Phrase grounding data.
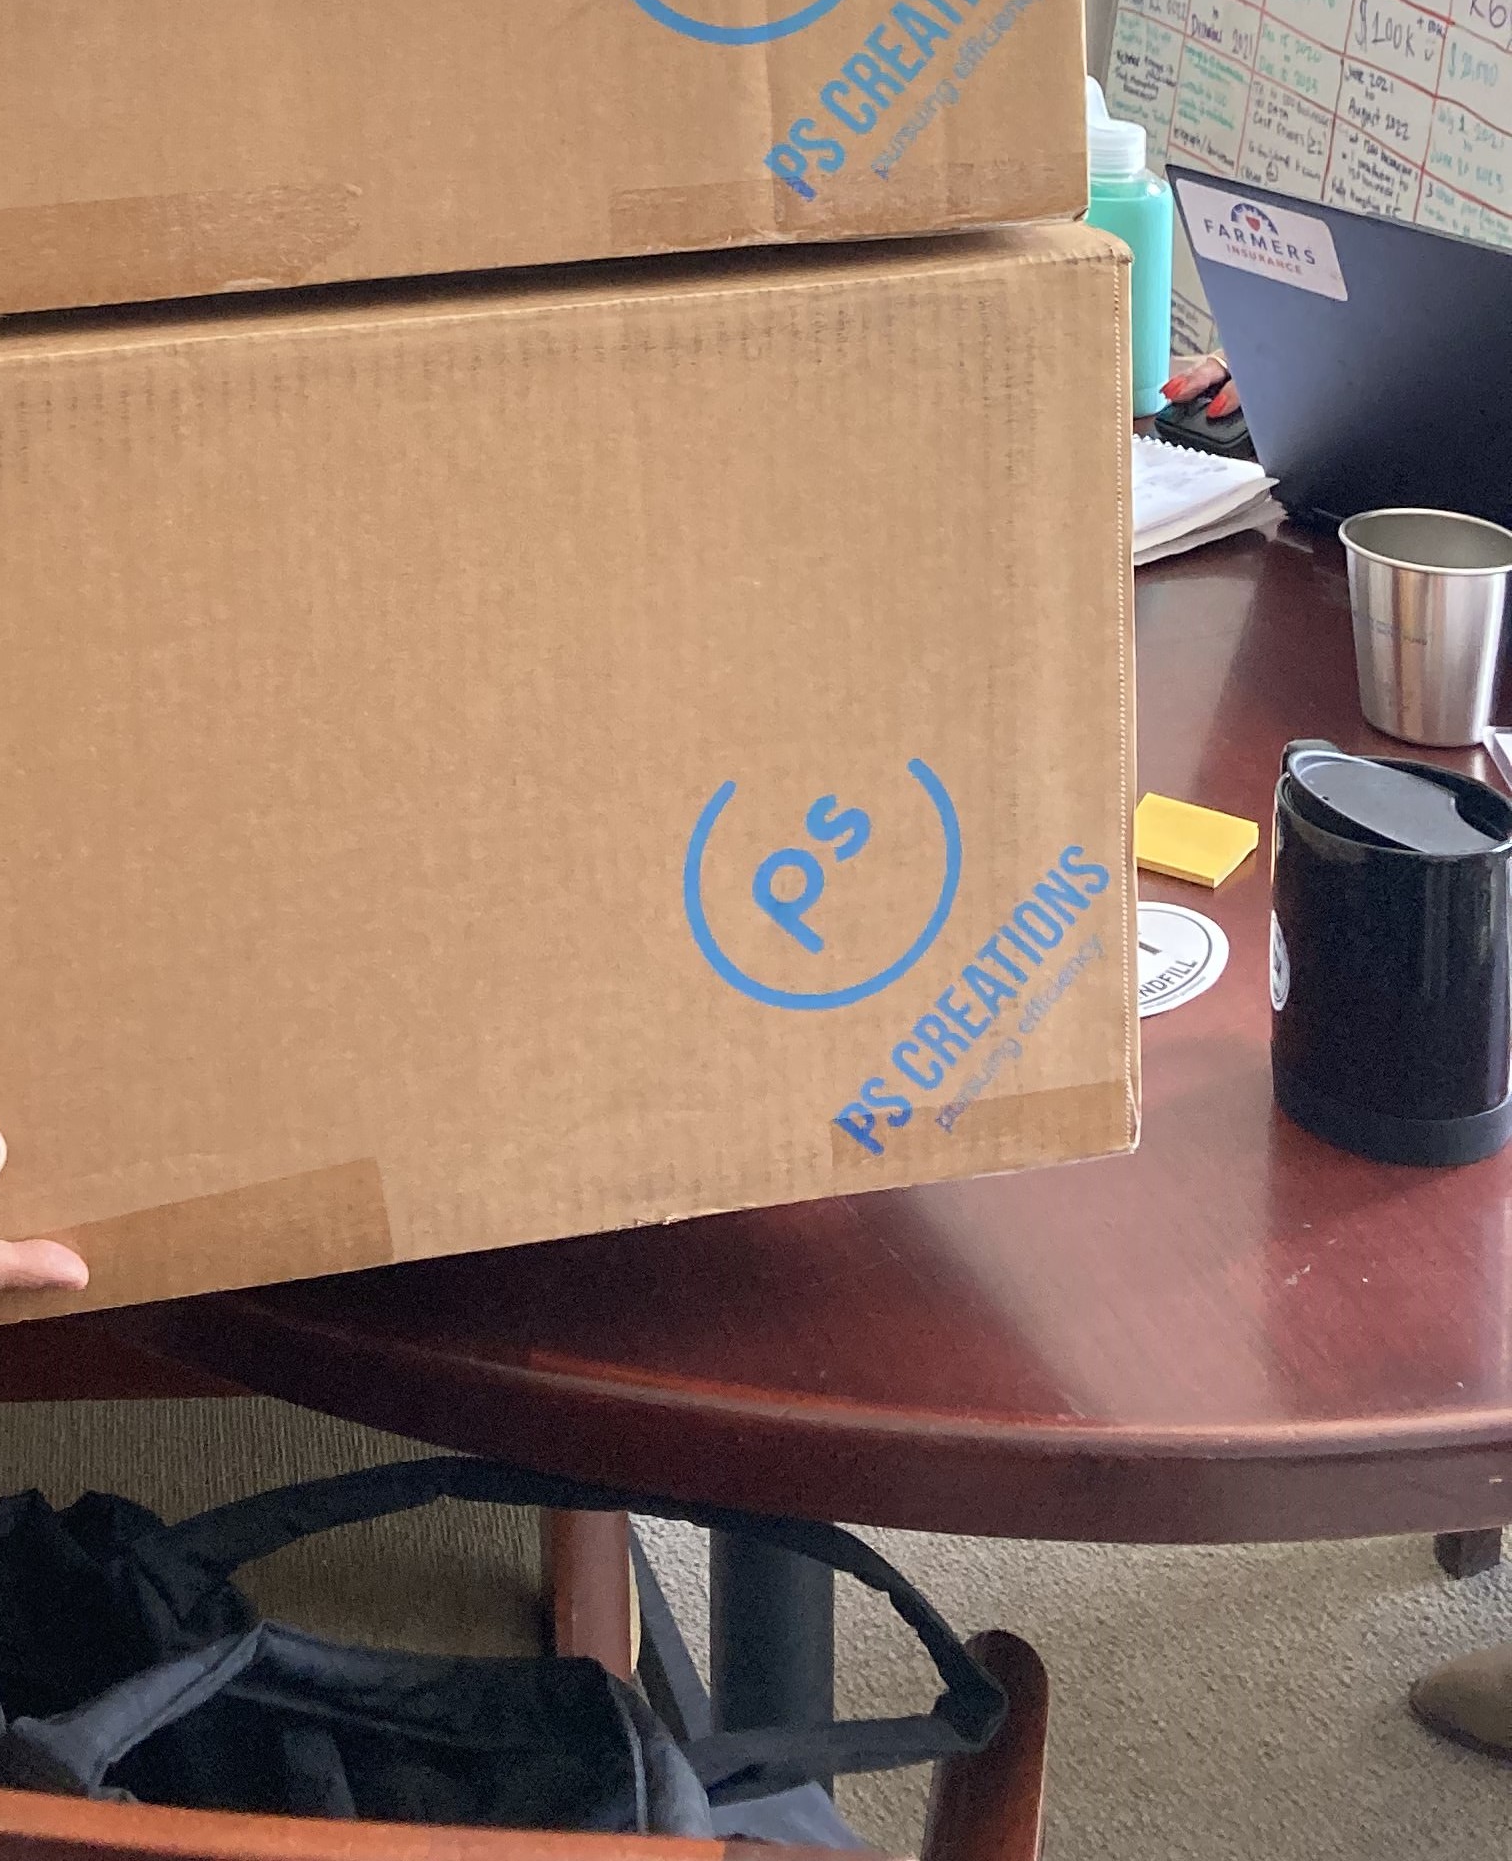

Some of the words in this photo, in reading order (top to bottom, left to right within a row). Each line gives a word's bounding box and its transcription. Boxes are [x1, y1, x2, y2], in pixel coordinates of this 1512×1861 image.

[763, 118, 846, 202] PS
[1203, 218, 1317, 266] FARMERS
[1226, 243, 1304, 276] INSURANCE
[832, 1077, 913, 1156] PS
[891, 845, 1111, 1091] CREATIONS
[1139, 959, 1198, 999] NDFILL
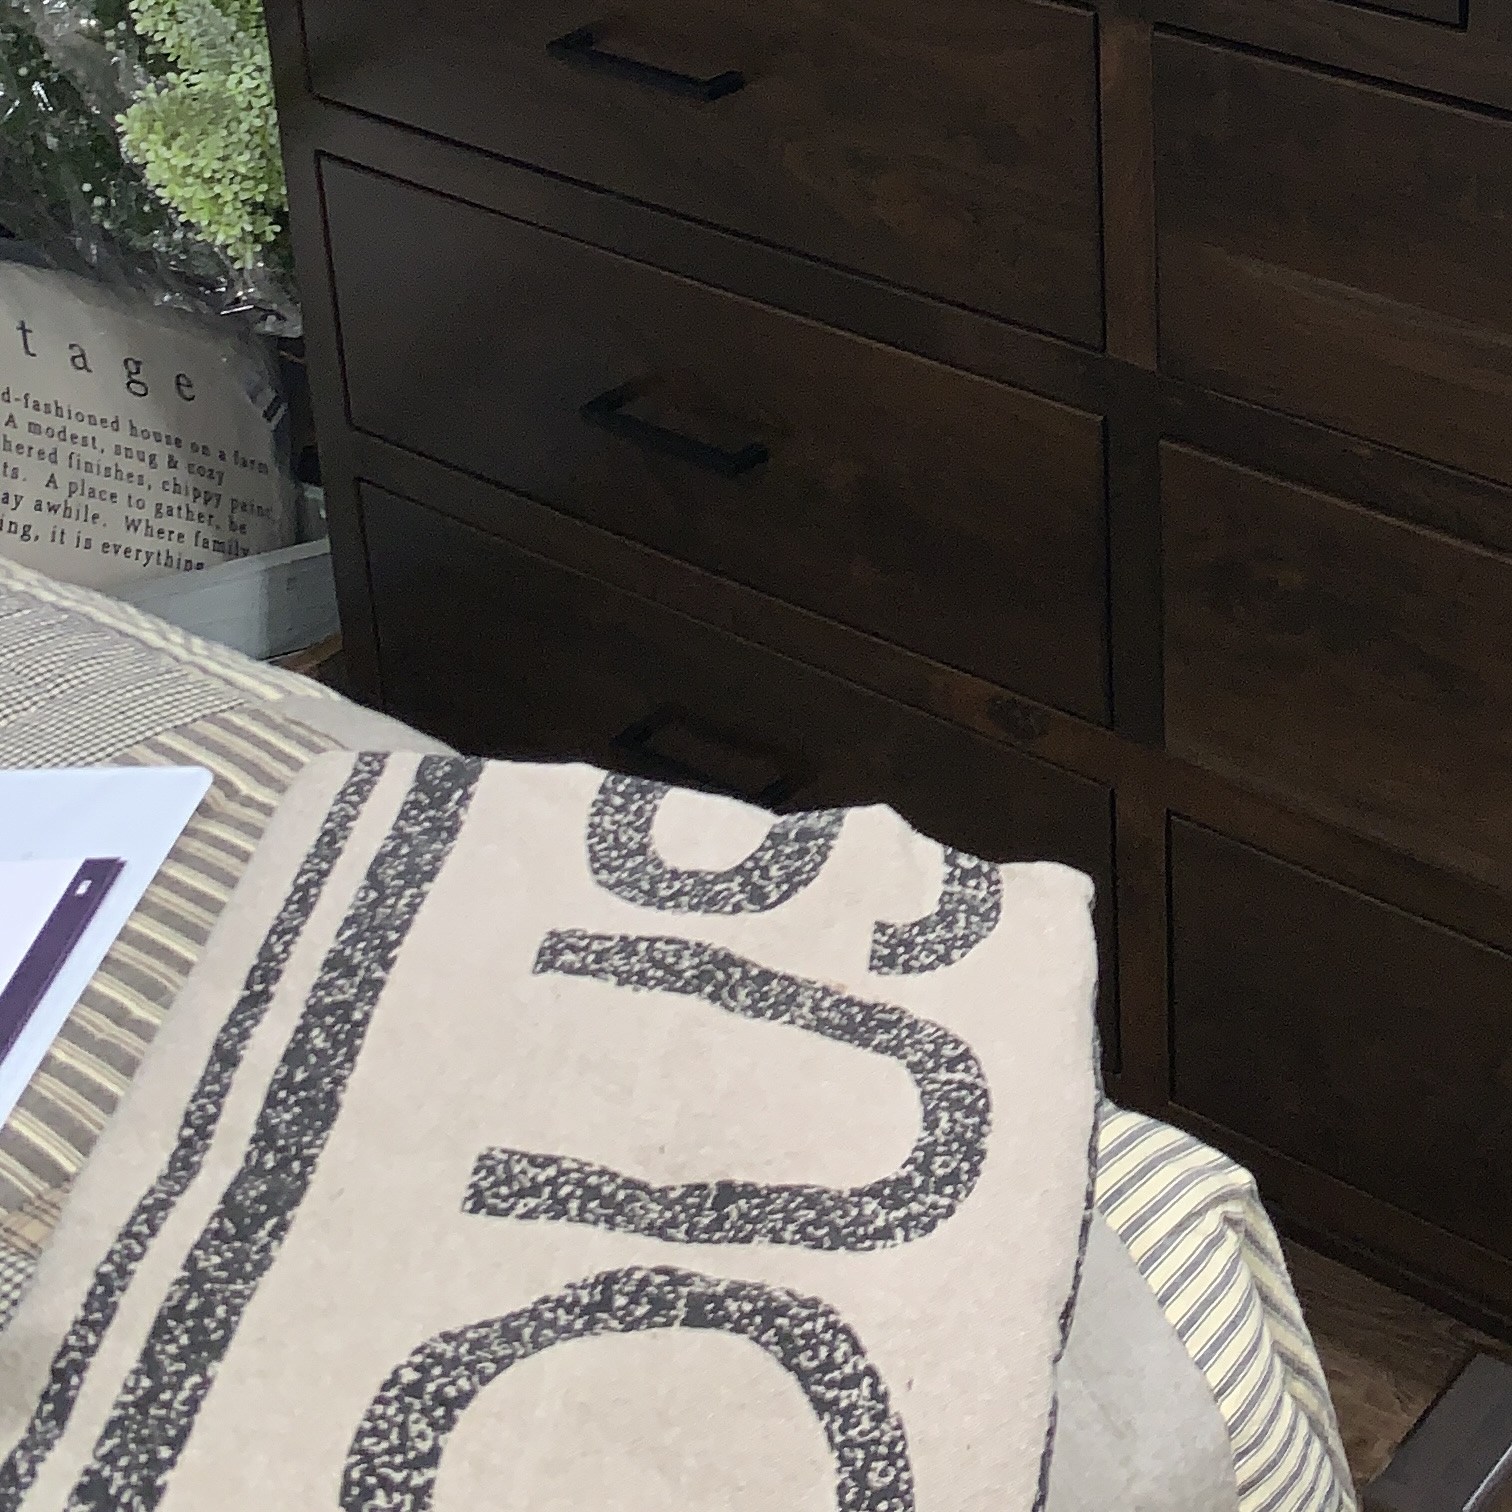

WHAT THE EXERCISE ASKS. All entries must be output exactly as they stand, and every picture must be left out.

EXERCISE RESPONSE.
Some of the words in this photo, in reading order (top to bottom, left to right within a row). Each line gives a word's bounding box and its transcription. Boxes are [x1, y1, x2, y2], in pixel coordinates of this 1512×1861 image.

[763, 118, 846, 202] PS
[1203, 218, 1317, 266] FARMERS
[1226, 243, 1304, 276] INSURANCE
[832, 1077, 913, 1156] PS
[891, 845, 1111, 1091] CREATIONS
[1139, 959, 1198, 999] NDFILL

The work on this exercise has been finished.